The Journey to the Polar Sea eBook

This eBook from the Gutenberg Project consists of approximately 597 pages of information about The Journey to the Polar Sea.

The Journey to the Polar Sea eBook

This eBook from the Gutenberg Project consists of approximately 597 pages of information about The Journey to the Polar Sea.

Having encamped on the main shore after a run of thirty-seven miles we set up a pole to ascertain the rise and fall of the water, which was repeated at every halting-place, and Hepburn was ordered to attend to the result.  We found the coast well covered with vegetation of moderate height, even in its outline, and easy of approach.  The islands are rocky and barren, presenting high cliffs of a columnar structure.  I have named the westernmost group of those we passed Berens’ Isles in honour of the Governor of the Hudson’s Bay Company, and the easternmost Sir Graham Moore’s Islands.  At the spot where we landed some mussel-shells and a single piece of seaweed lay on the beach; this was the only spot on the coast where we saw shells.  We were rejoiced to find the beach strewed with abundance of small driftwood none of it recent.

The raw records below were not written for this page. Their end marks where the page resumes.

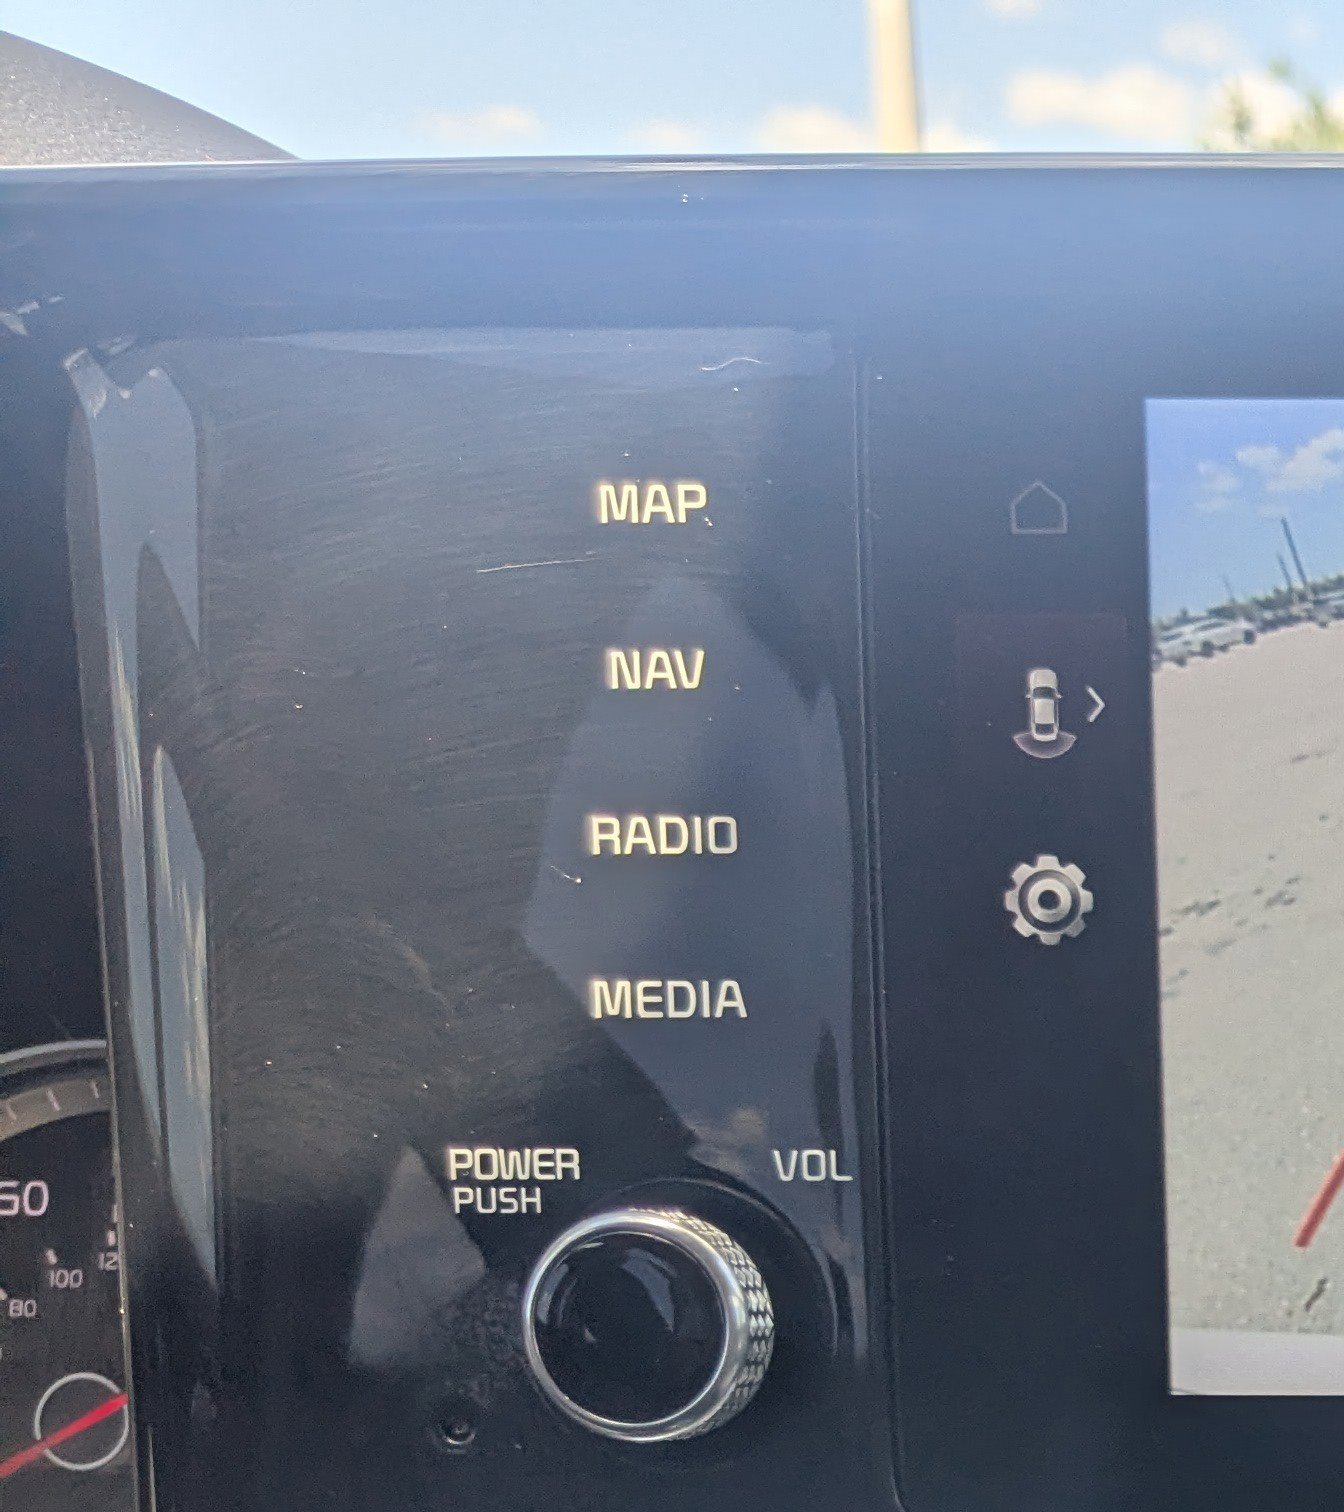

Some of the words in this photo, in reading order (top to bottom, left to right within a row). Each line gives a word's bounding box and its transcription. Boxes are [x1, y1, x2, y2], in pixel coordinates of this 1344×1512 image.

[597, 482, 707, 524] MAP
[606, 648, 705, 690] NAV
[588, 814, 738, 856] RADIO
[590, 977, 748, 1020] MEDIA
[447, 1146, 581, 1181] POWER
[772, 1149, 853, 1182] VOL
[452, 1186, 543, 1214] PUSH
[50, 1268, 84, 1289] 100
[8, 1299, 37, 1318] 80
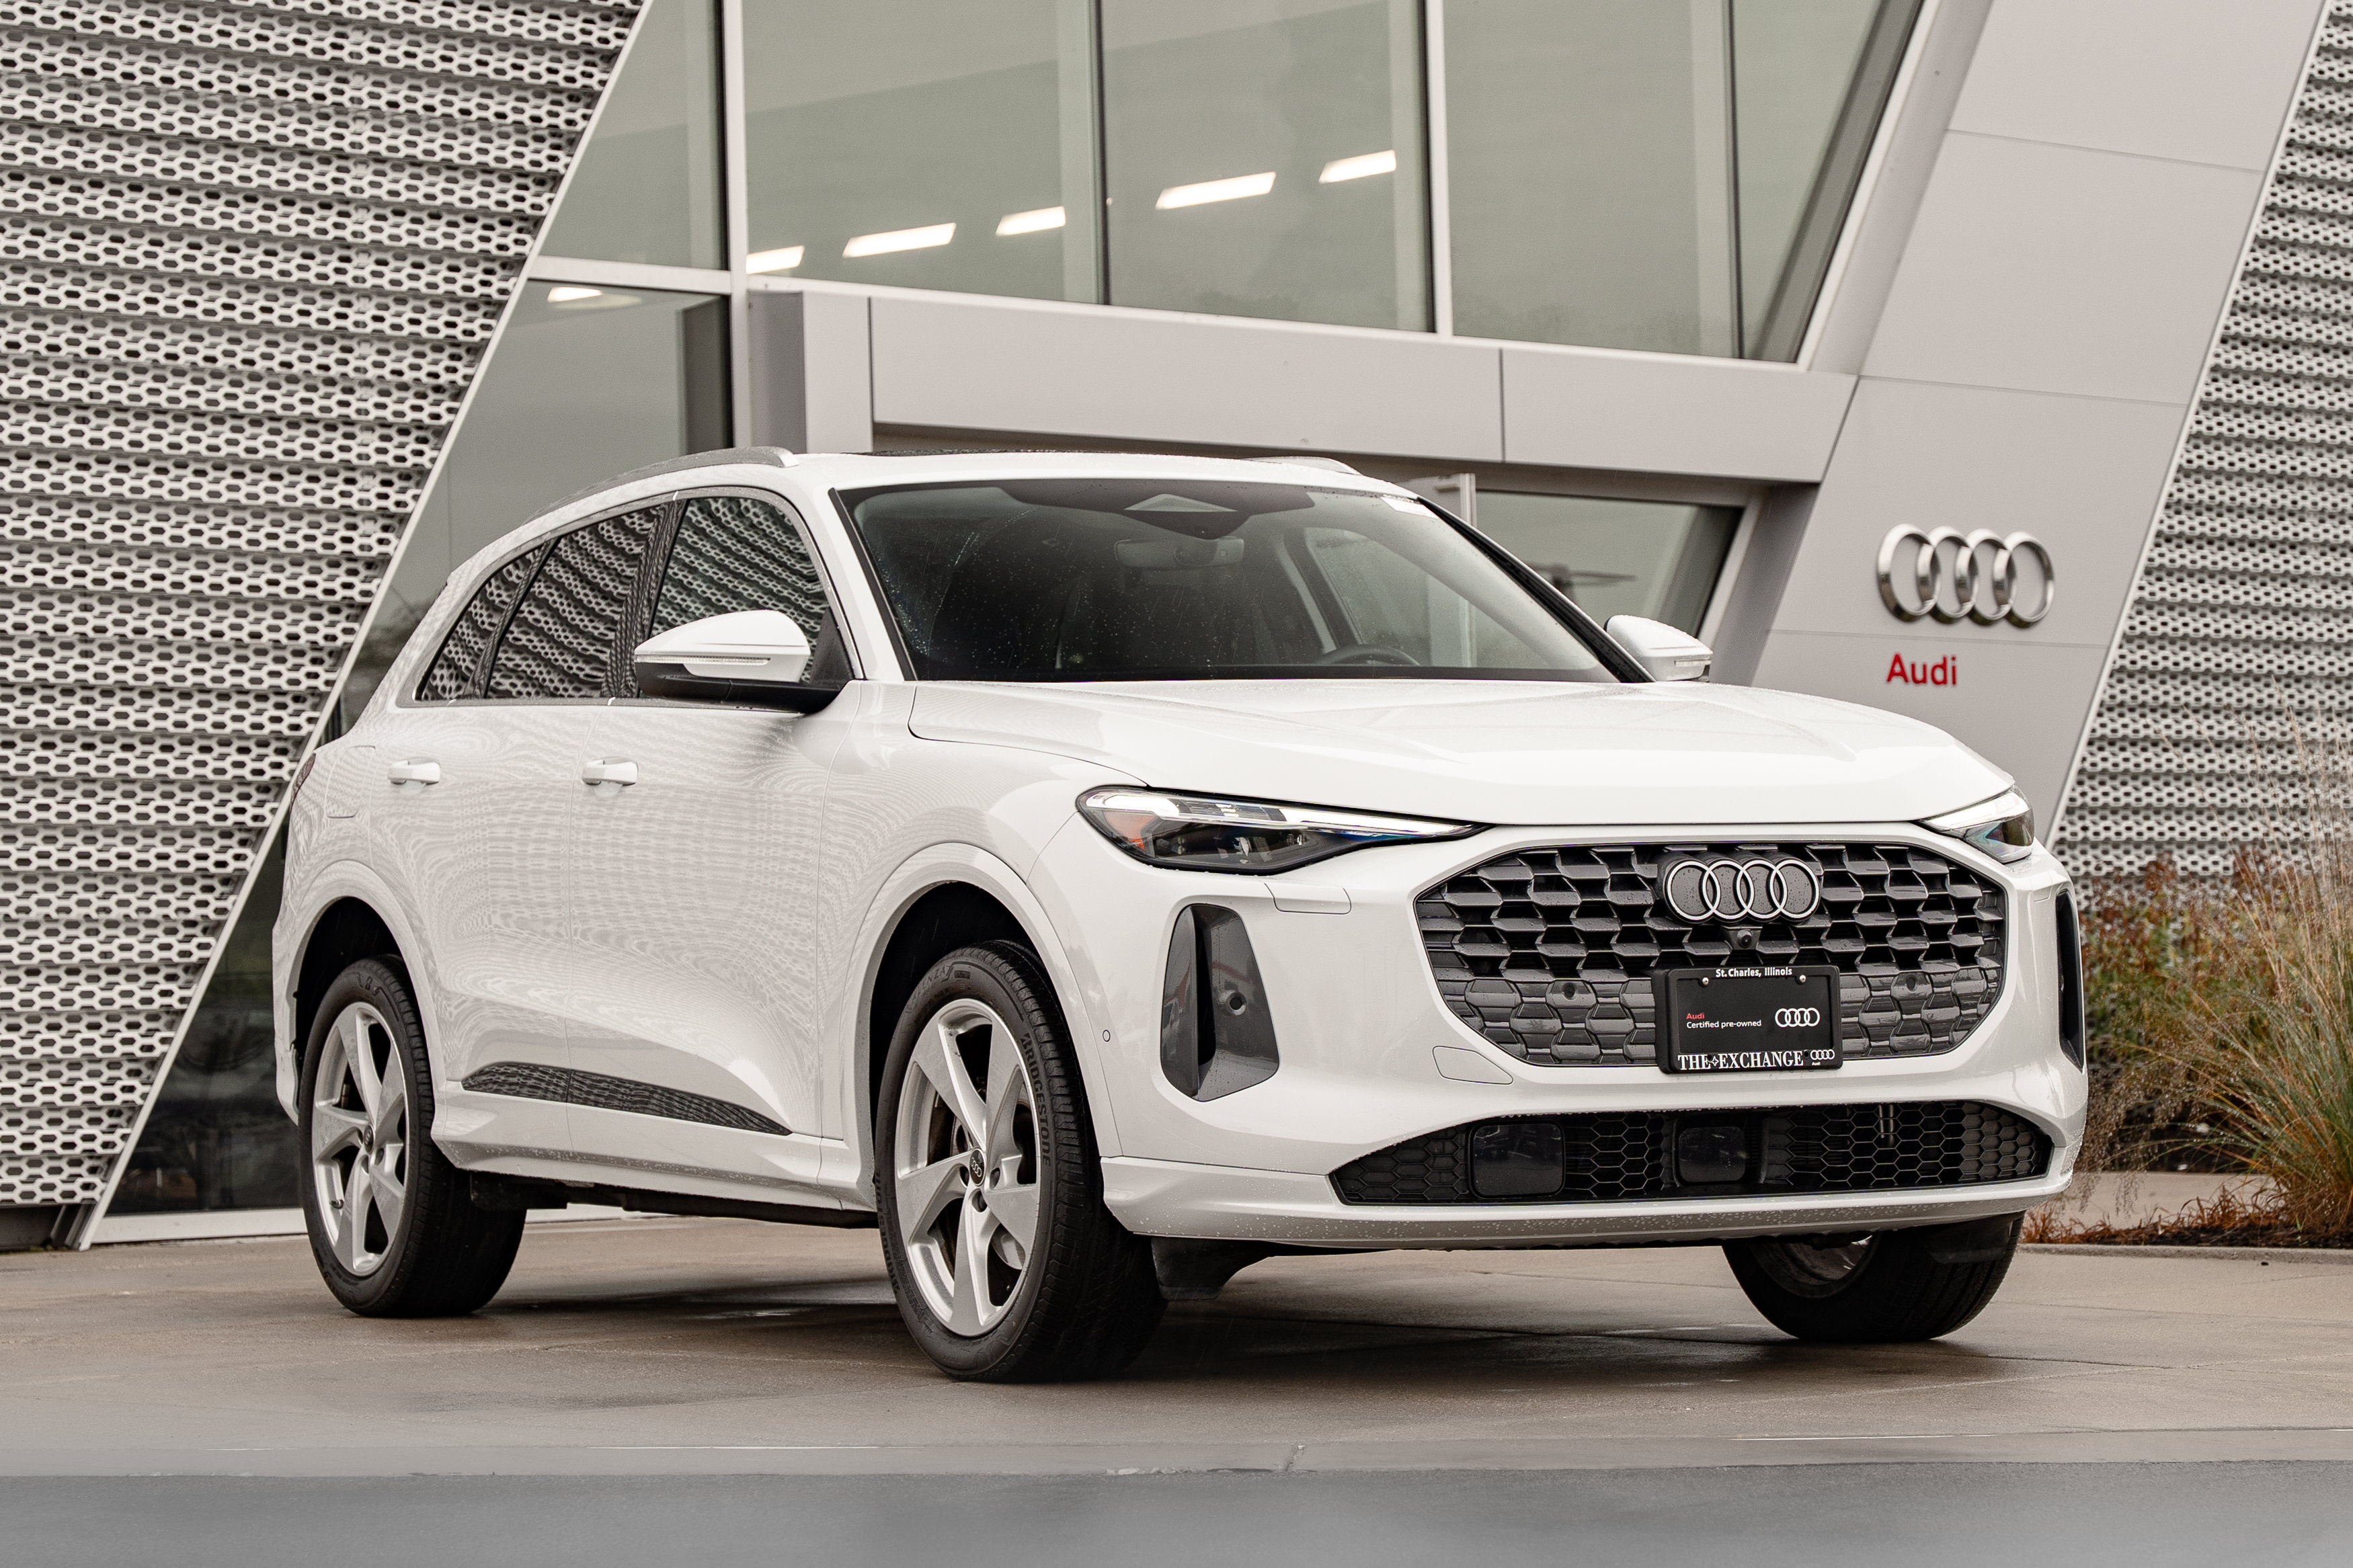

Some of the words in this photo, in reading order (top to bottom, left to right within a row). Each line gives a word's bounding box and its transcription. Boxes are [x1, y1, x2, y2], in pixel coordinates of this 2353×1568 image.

It may be remarked that the Copper-Mine River does not bring down any driftwood, nor does any other known stream except Mackenzie’s River, hence from its appearance on this part of the coast an easterly current may be inferred.  This evening we were all in high glee at the progress we had made; the disappearance of the ice and the continuance of the land in an eastern direction and our future prospects formed an enlivening subject of conversation.  The thermometer varied during the day between 43 and 45 degrees.  The fishing-nets were set but produced nothing.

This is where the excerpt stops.